Top of Supplied records

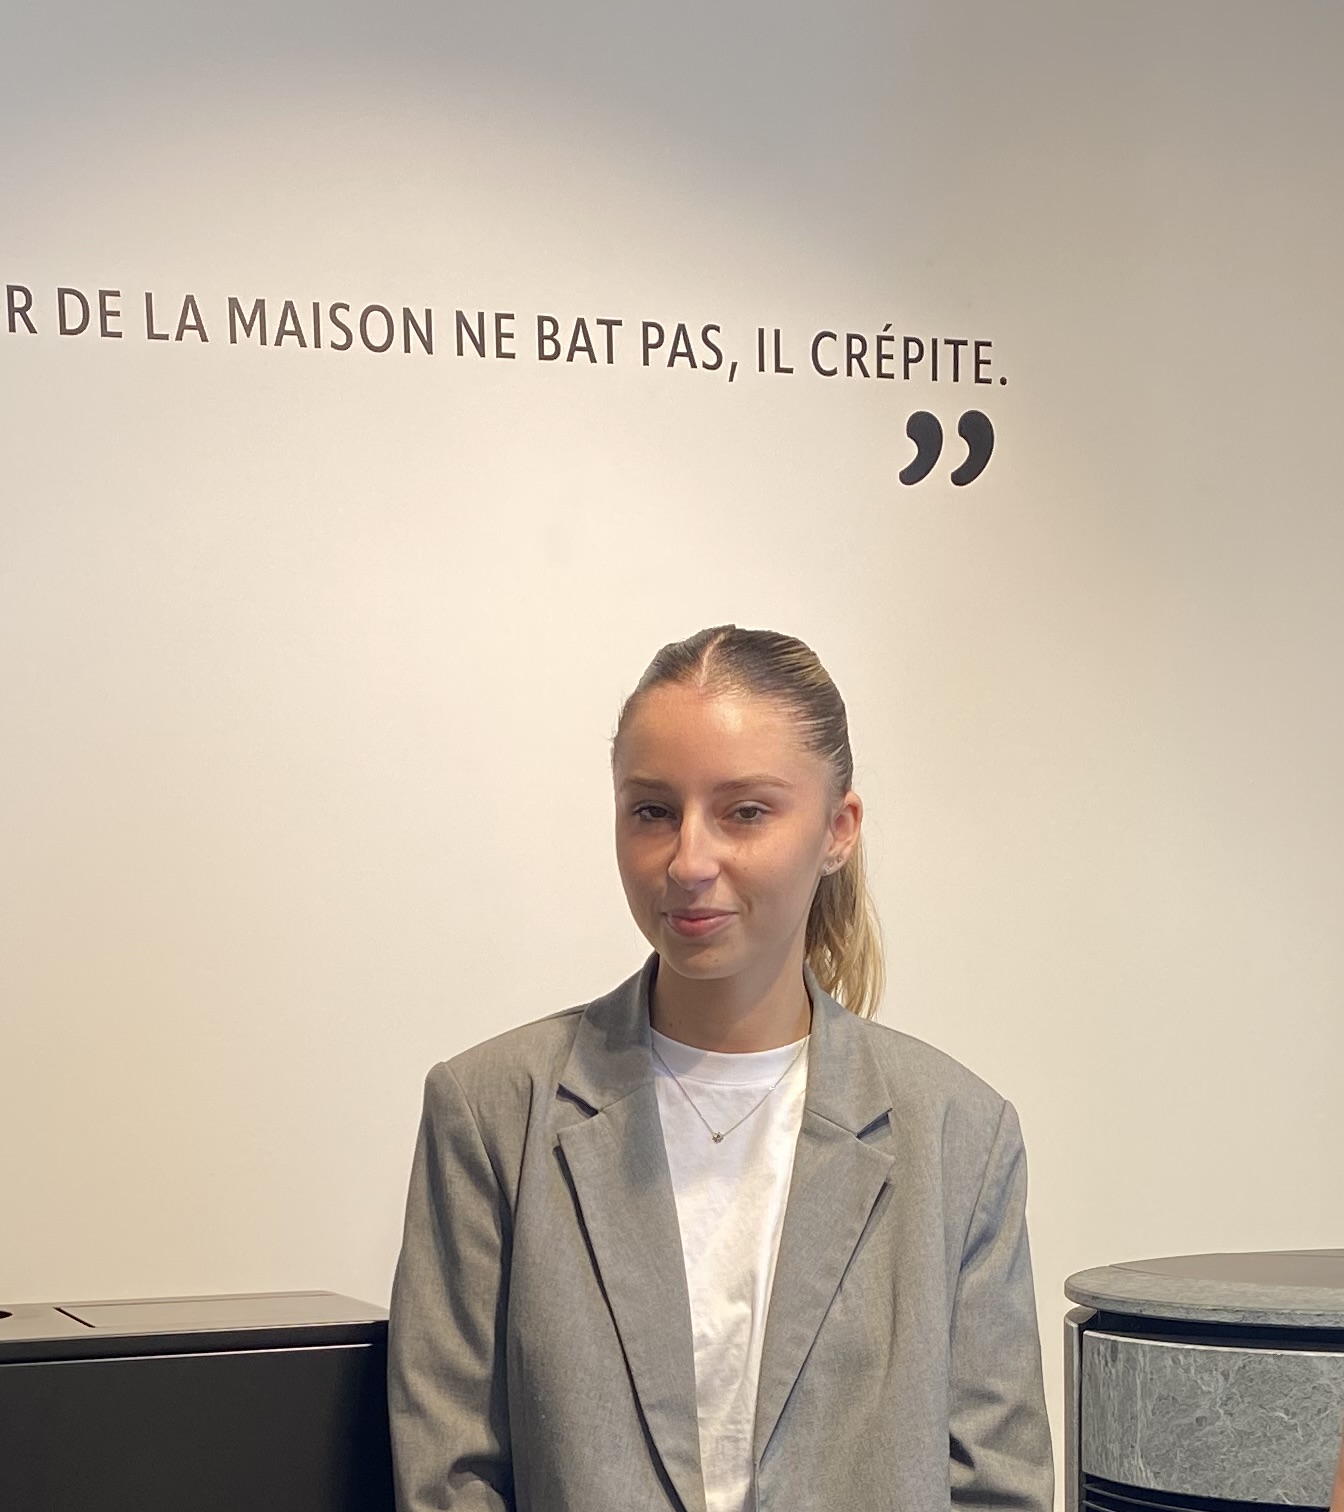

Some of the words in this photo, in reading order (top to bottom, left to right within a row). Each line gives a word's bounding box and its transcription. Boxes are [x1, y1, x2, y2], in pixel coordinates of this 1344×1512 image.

[57, 287, 124, 339] DE
[144, 291, 210, 343] LA
[226, 296, 436, 357] MAISON
[454, 309, 517, 361] NE
[535, 314, 623, 366] BAT
[640, 320, 739, 382] PAS,
[756, 327, 794, 375] IL
[811, 323, 1010, 386] CRÉPITE.
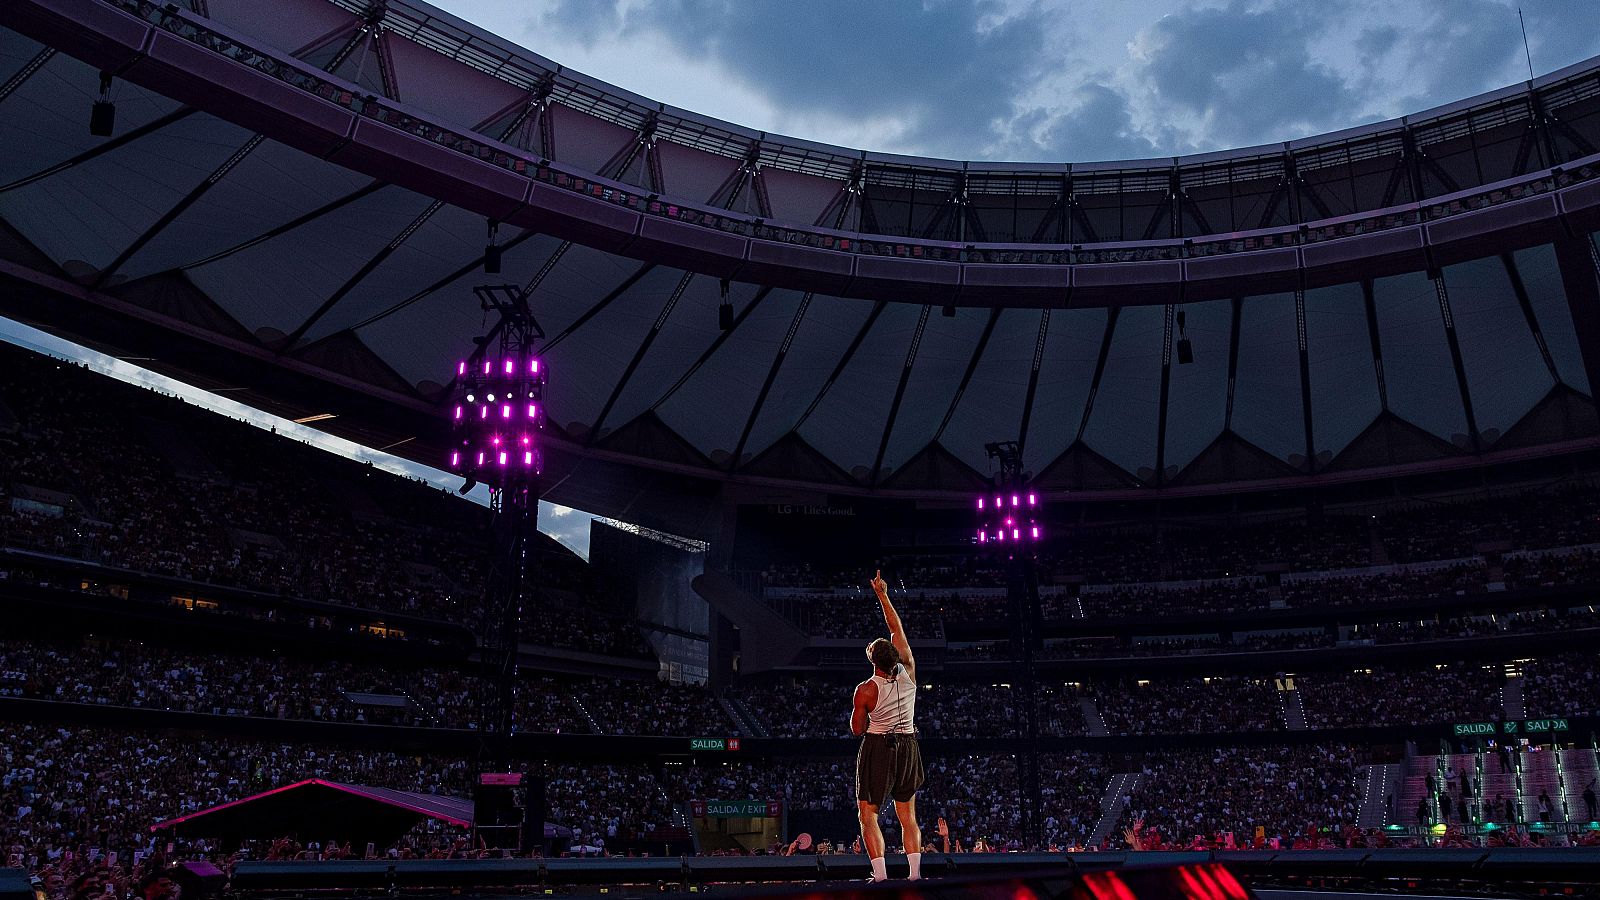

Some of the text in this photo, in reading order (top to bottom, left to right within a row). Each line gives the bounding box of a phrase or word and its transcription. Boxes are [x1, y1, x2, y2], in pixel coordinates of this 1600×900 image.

[777, 504, 792, 514] LG
[1456, 723, 1494, 734] SALIDA
[692, 740, 723, 748] SALIDA
[707, 805, 739, 814] SALIDA
[748, 805, 767, 813] EXIT
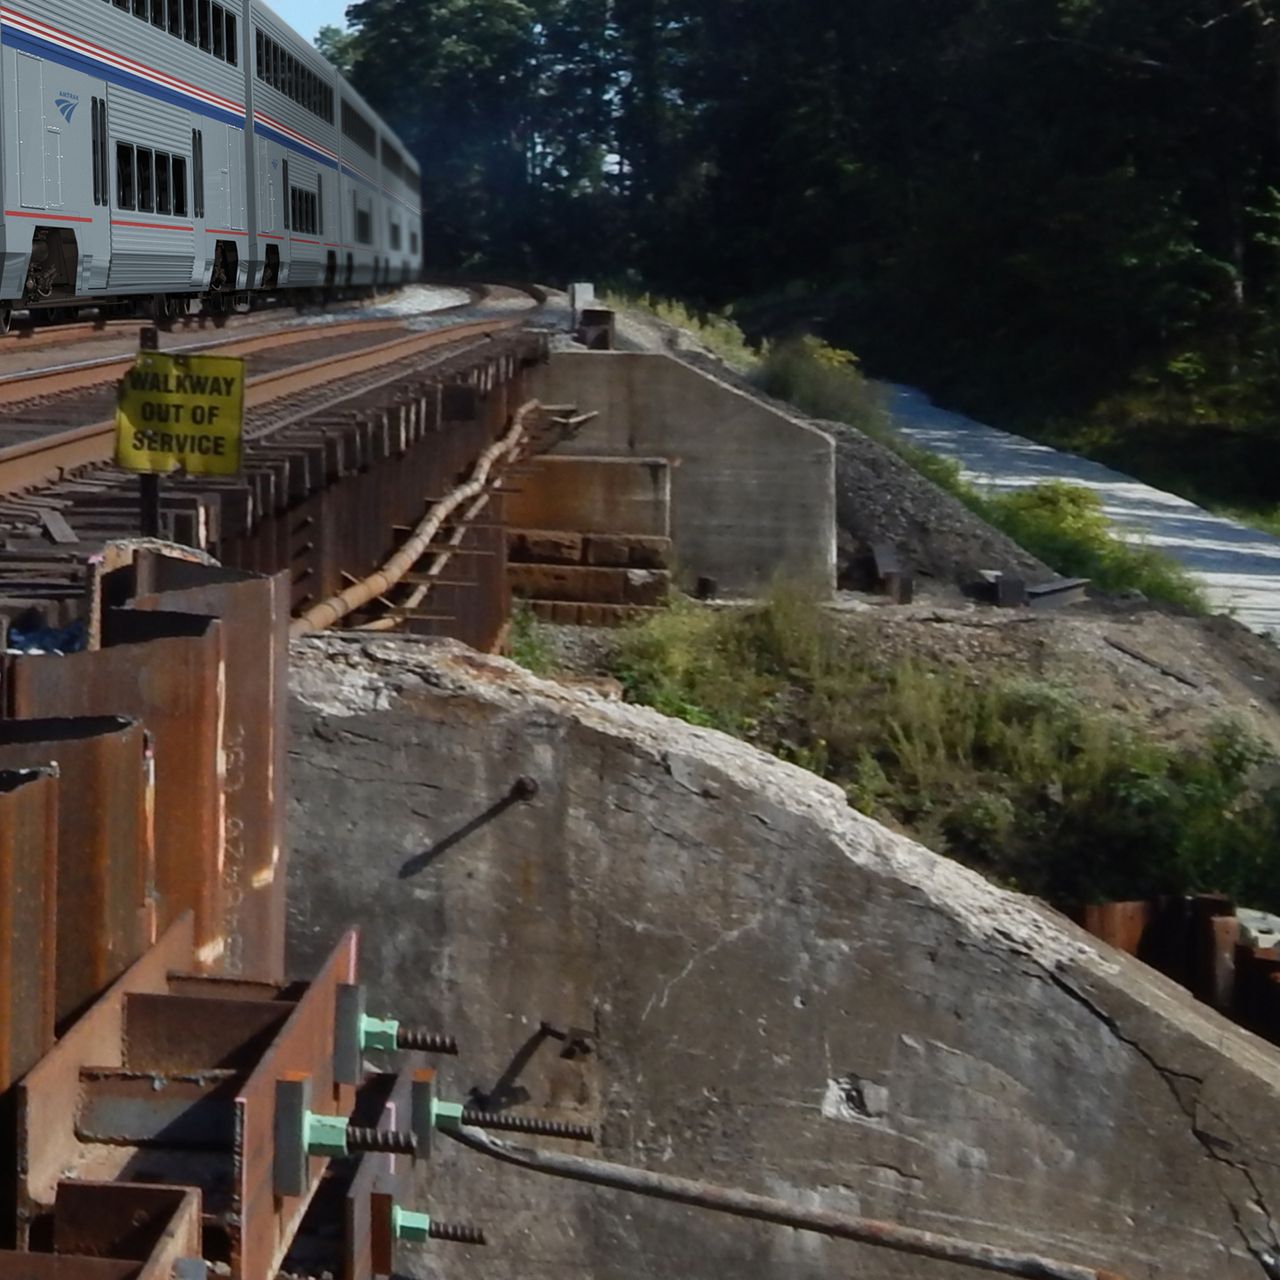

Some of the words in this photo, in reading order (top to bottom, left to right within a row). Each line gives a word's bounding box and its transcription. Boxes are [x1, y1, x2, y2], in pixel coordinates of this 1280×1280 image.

[130, 372, 235, 397] WALKWAY
[142, 404, 184, 424] OUT
[192, 405, 220, 425] OF
[133, 431, 226, 456] SERVICE
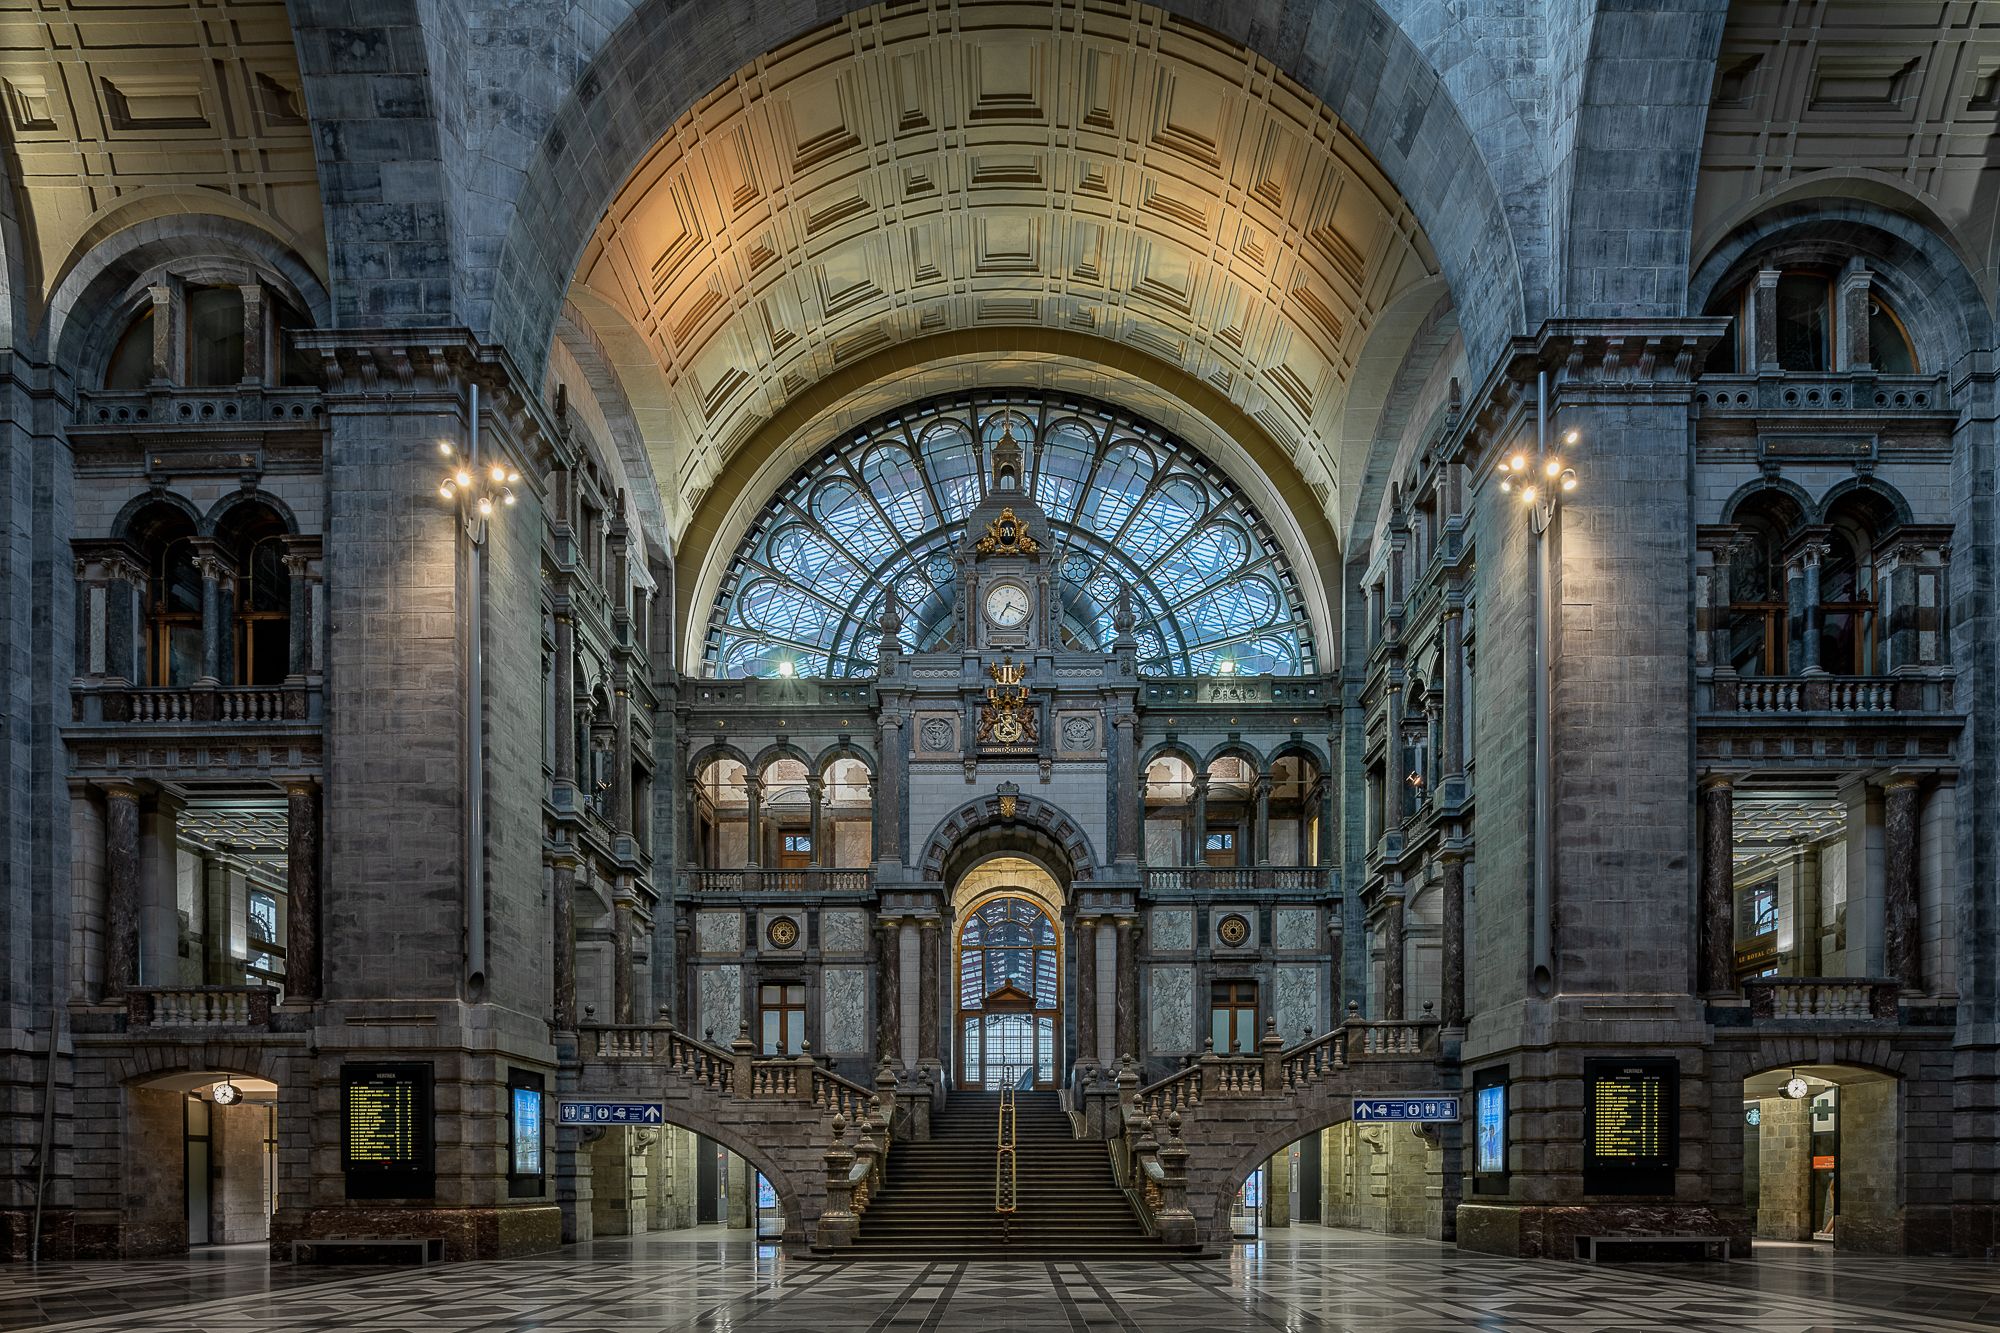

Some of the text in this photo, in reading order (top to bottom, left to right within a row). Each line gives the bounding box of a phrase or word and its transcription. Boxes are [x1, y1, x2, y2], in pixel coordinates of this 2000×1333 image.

[1000, 526, 1016, 537] PAX
[1747, 951, 1765, 960] ROYAL
[517, 1100, 535, 1111] HELLO

Bottom of Supplied records

Pictures stay out; reproduce exactly the lines from the one containing "this 1280×1280 image." through the end of the data.

◆ Response for this exercise ◆
Some of the words in this photo, in reading order (top to bottom, left to right within a row). Each line gives a word's bounding box and its transcription. Boxes are [x1, y1, x2, y2], in pixel coordinates of this 1280×1280 image.

[130, 372, 235, 397] WALKWAY
[142, 404, 184, 424] OUT
[192, 405, 220, 425] OF
[133, 431, 226, 456] SERVICE

Some of the text in this photo, in reading order (top to bottom, left to right within a row). Each line gives the bounding box of a phrase or word and its transcription. Boxes are [x1, y1, x2, y2], in pixel coordinates of this 2000×1333 image.

[1000, 526, 1016, 537] PAX
[1747, 951, 1765, 960] ROYAL
[517, 1100, 535, 1111] HELLO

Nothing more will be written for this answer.